Menurut jaksa, pembuktian soal apakah Nadiem memperkaya diri sendiri, orang lain, atau korporasi merupakan ranah materiil perkara dan akan dibuktikan dalam persidangan pokok di Pengadilan Tindak Pidana Korupsi (Tipikor). Sementara praperadilan hanya memeriksa aspek formil dari proses penetapan tersangka.
“Dalil-dalil tersebut telah masuk ke dalam materi pokok perkara. Maka sepatutnya dibuktikan dalam persidangan di Pengadilan Tipikor,” kata jaksa menambahkan.
Laporan BPK dan Bukti Awal
Jaksa juga menanggapi argumen tim kuasa hukum Nadiem yang menyebut penetapan tersangka tidak sah karena tidak disertai Laporan Hasil Pemeriksaan (LHP) dari Badan Pemeriksa Keuangan (BPK) atau Badan Pengawasan Keuangan dan Pembangunan (BPKP).
“Bahwa sampai saat ini, tidak ada satu pun peraturan yang mewajibkan LHP BPK atau BPKP sebagai syarat penetapan tersangka,” ucap jaksa.
Kejagung mengklaim telah mengantongi setidaknya empat alat bukti, termasuk dua alat bukti utama yang cukup untuk menetapkan Nadiem sebagai tersangka.
Mens Rea dan Unsur Kerugian Negara
Terkait niat jahat atau mens rea, jaksa menyebut bahwa hal itu juga merupakan materi pokok perkara. Unsur kerugian negara pun, menurut jaksa, telah dipenuhi melalui deklarasi kerugian keuangan dari BPKP.
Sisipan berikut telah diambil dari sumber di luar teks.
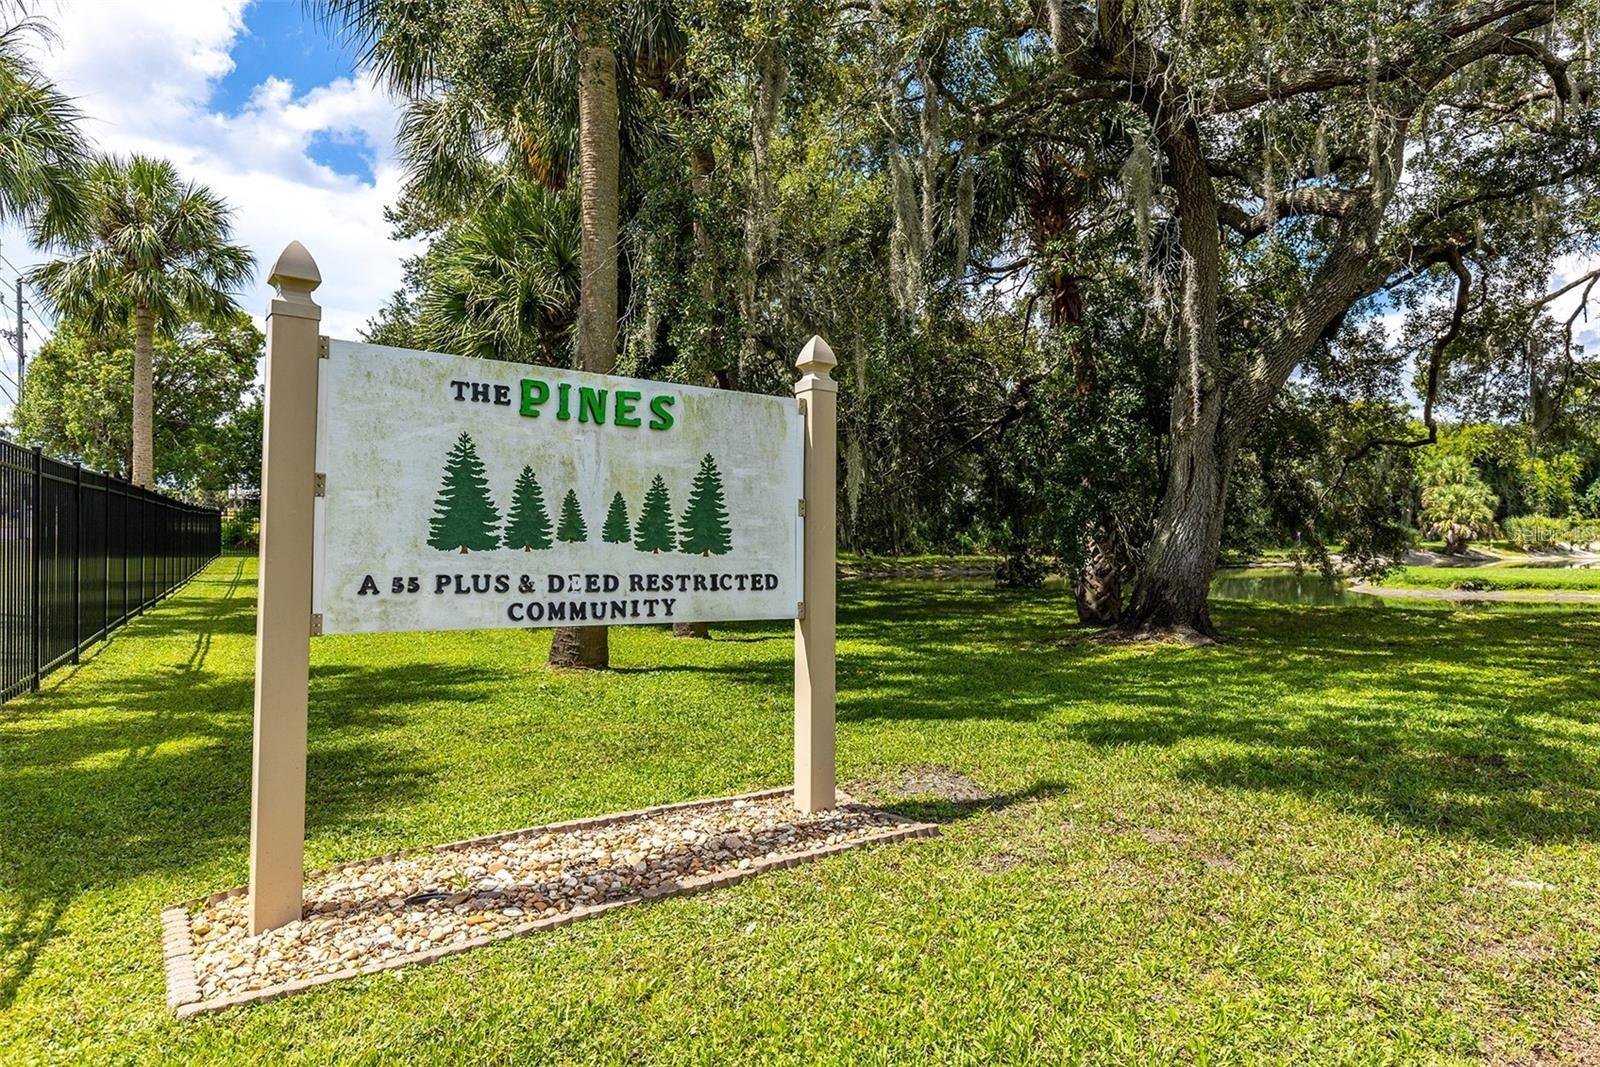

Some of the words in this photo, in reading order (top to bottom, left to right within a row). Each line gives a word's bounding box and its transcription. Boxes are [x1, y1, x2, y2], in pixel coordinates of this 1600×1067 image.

[450, 380, 511, 406] THE
[519, 378, 676, 431] PINES
[357, 575, 380, 595] A
[391, 576, 420, 593] 55
[434, 574, 510, 594] PLUS
[518, 574, 536, 593] &
[547, 574, 619, 593] DEED
[629, 573, 779, 591] RESTRICTED
[507, 598, 676, 621] COMMUNITY
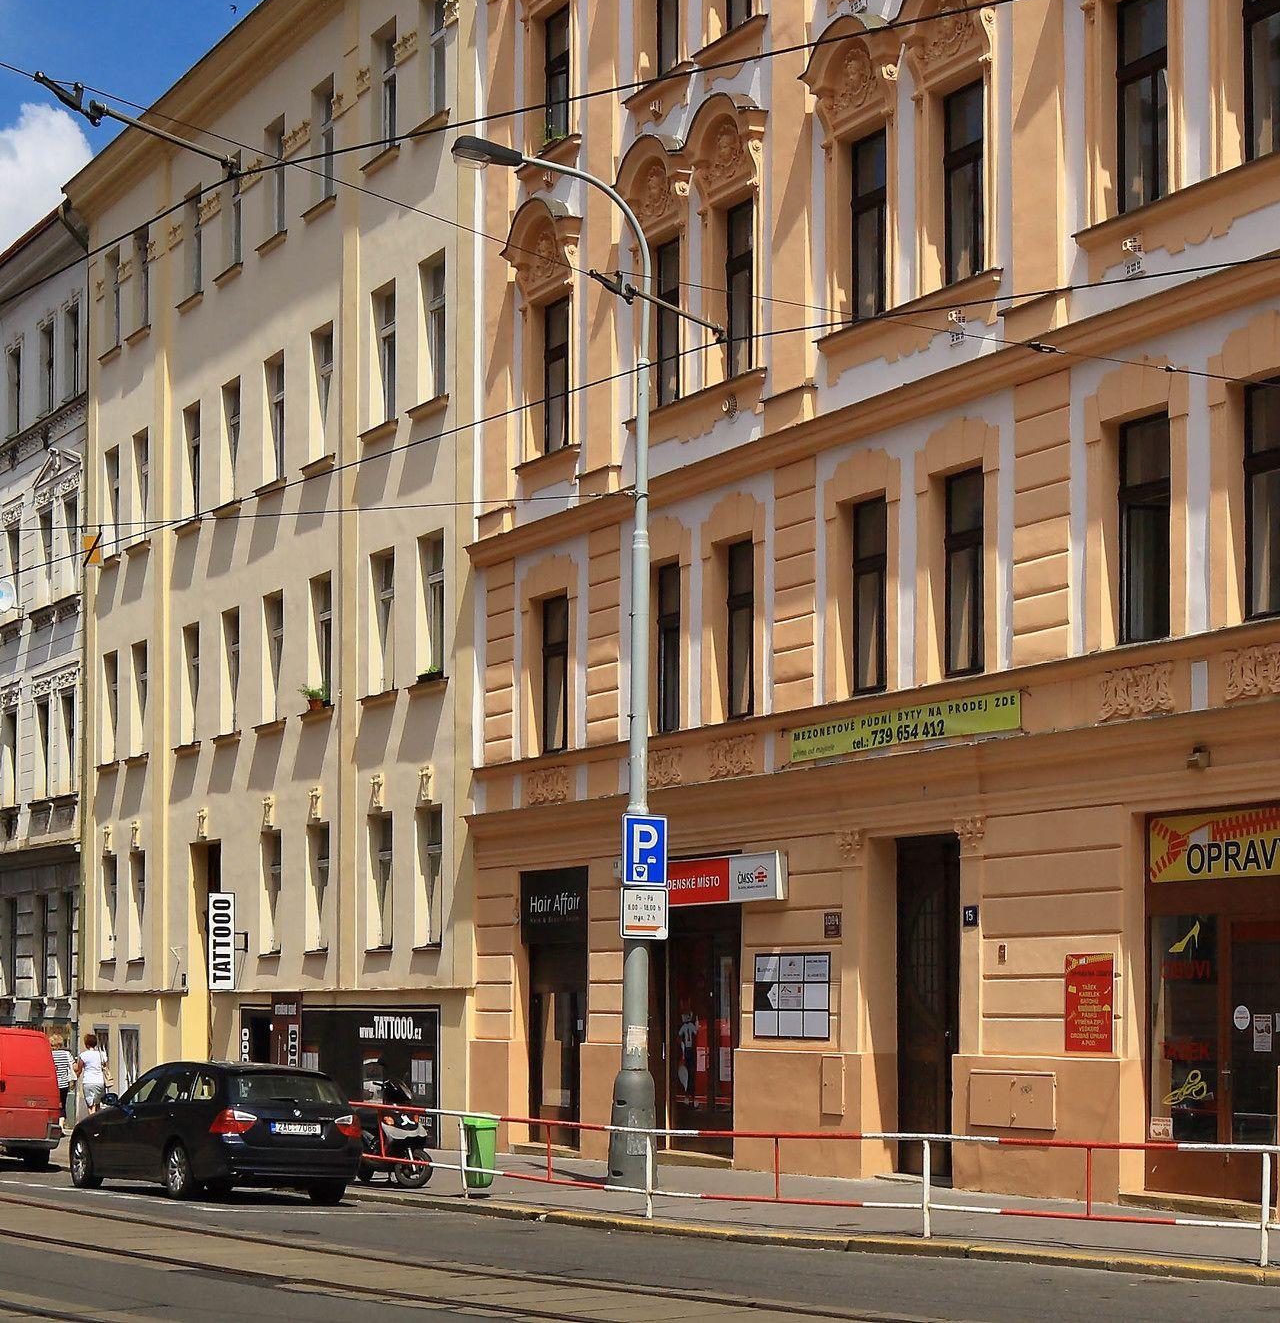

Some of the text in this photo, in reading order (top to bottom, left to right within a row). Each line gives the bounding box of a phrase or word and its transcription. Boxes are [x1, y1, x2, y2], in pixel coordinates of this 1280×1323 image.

“Adanya mens rea serta perhitungan kerugian negara tidak termasuk dalam ruang lingkup praperadilan. Hal tersebut akan dibuktikan dalam persidangan pokok,” tegas jaksa.
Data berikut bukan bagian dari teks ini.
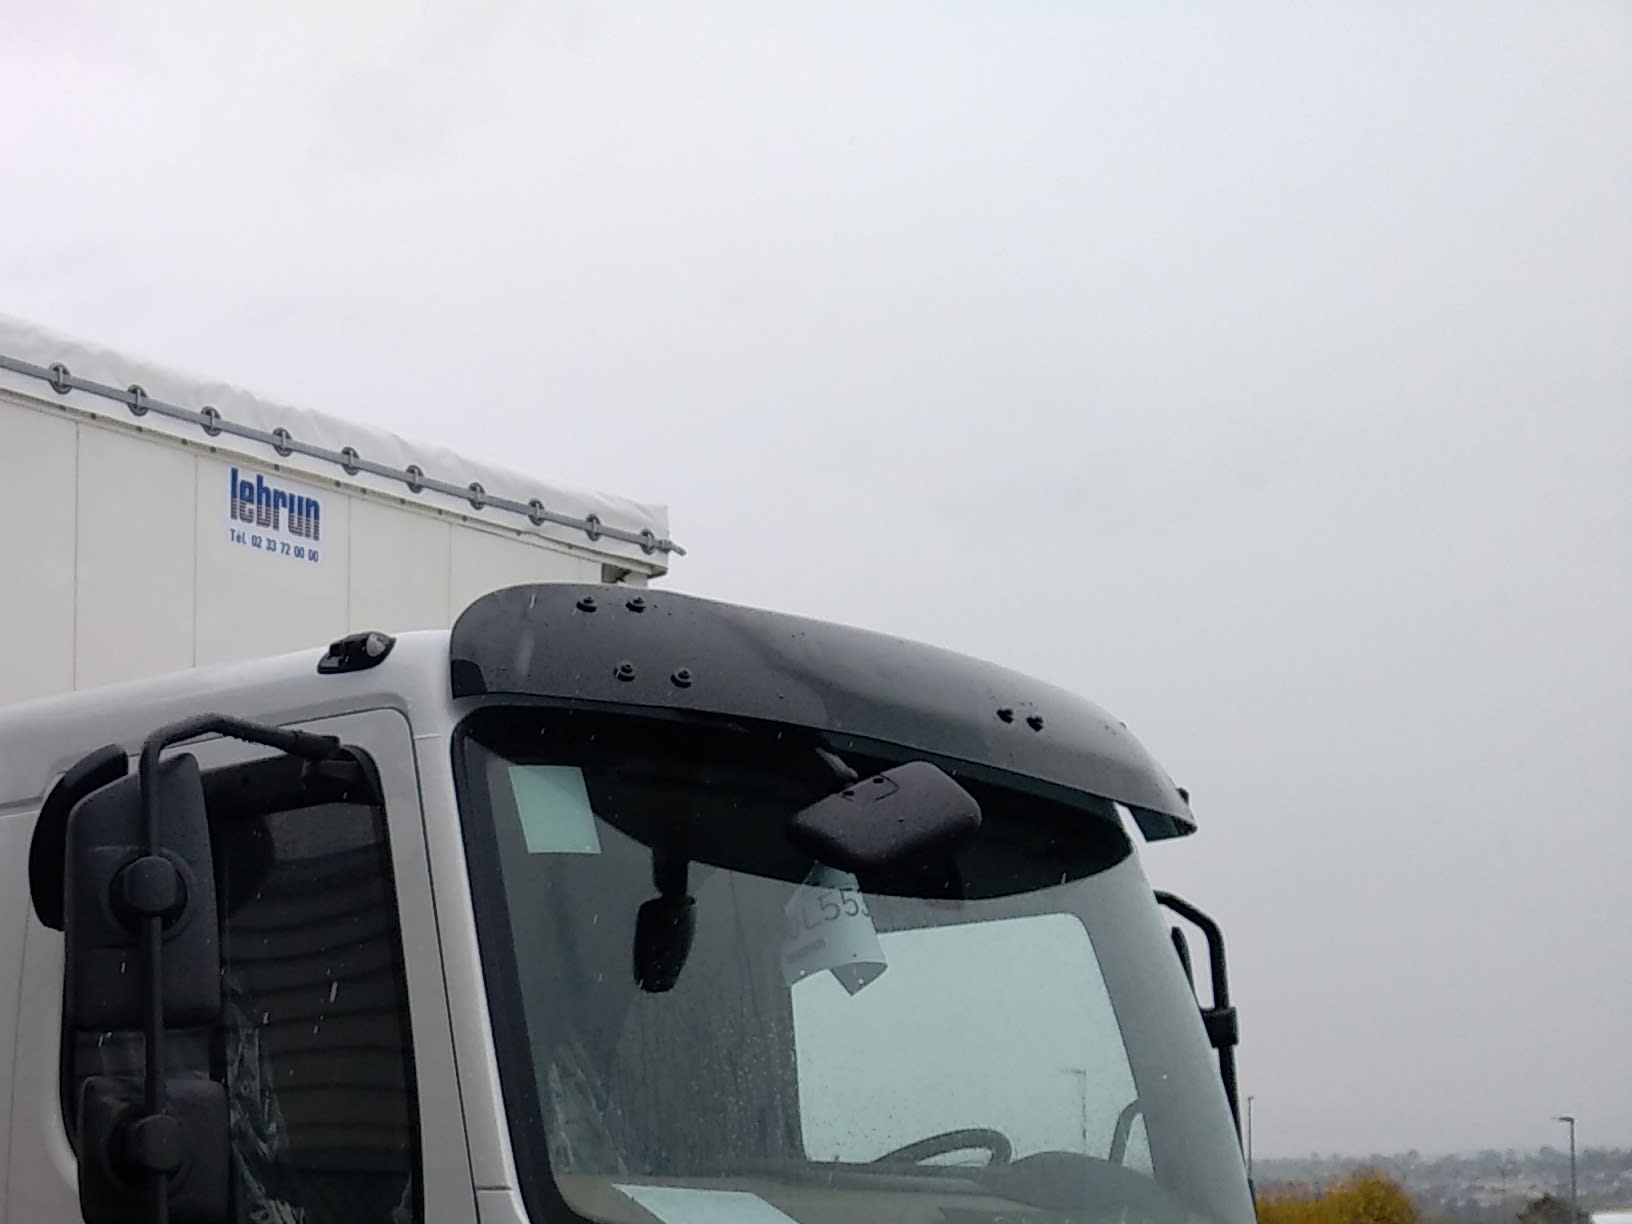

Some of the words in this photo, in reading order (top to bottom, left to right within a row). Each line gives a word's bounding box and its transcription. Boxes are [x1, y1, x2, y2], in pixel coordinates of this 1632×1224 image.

[230, 467, 320, 541] lebrun
[251, 534, 263, 549] 02
[266, 538, 277, 553] 33
[279, 542, 291, 556] 72
[308, 549, 319, 562] 00
Jaksa pun meminta hakim untuk menolak seluruh permohonan praperadilan Nadiem dan menyatakan permohonannya tidak beralasan secara hukum.
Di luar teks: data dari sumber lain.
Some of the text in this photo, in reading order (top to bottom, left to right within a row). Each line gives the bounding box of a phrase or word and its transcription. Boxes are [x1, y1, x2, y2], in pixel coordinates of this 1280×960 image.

Dalil Pihak Nadiem: Penetapan Tersangka Cacat Hukum
Dalam sidang sebelumnya, tim penasihat hukum Nadiem menyampaikan bahwa penetapan status tersangka dan penahanan terhadap kliennya tidak sah secara hukum. Mereka menilai Kejagung belum memiliki bukti permulaan yang cukup.
Selain itu, tim kuasa hukum juga menyebut bahwa Nadiem belum pernah diperiksa sebagai calon tersangka saat ditahan pada Kamis (4/9). Penetapan tersangka dan penahanan disebut dilakukan secara bersamaan dengan penerbitan Surat Perintah Penyidikan (Sprindik), tanpa didahului Surat Pemberitahuan Dimulainya Penyidikan (SPDP).
Penasihat hukum juga mempersoalkan perbedaan keterangan pekerjaan Nadiem dalam dokumen resmi. Dalam surat penetapan tersangka, Kejagung menyebut Nadiem sebagai “karyawan swasta (Menteri Pendidikan, Kebudayaan, Riset dan Teknologi RI periode 2019–2024)”. Sementara di KTP, tertulis “anggota kabinet kementerian”.
Menurut tim hukum, hal ini menunjukkan adanya cacat formil dalam proses penetapan tersangka.
Latar Belakang Kasus
Nadiem Makarim dijerat Kejagung sebagai tersangka dalam dugaan korupsi pengadaan laptop Chromebook yang bersumber dari anggaran Kemendikbudristek. Kasus ini diduga menyebabkan kerugian negara yang masih dalam proses perhitungan.
Sidang praperadilan akan kembali dilanjutkan dalam waktu dekat untuk mendengarkan putusan hakim tunggal Pengadilan Negeri Jakarta Selatan.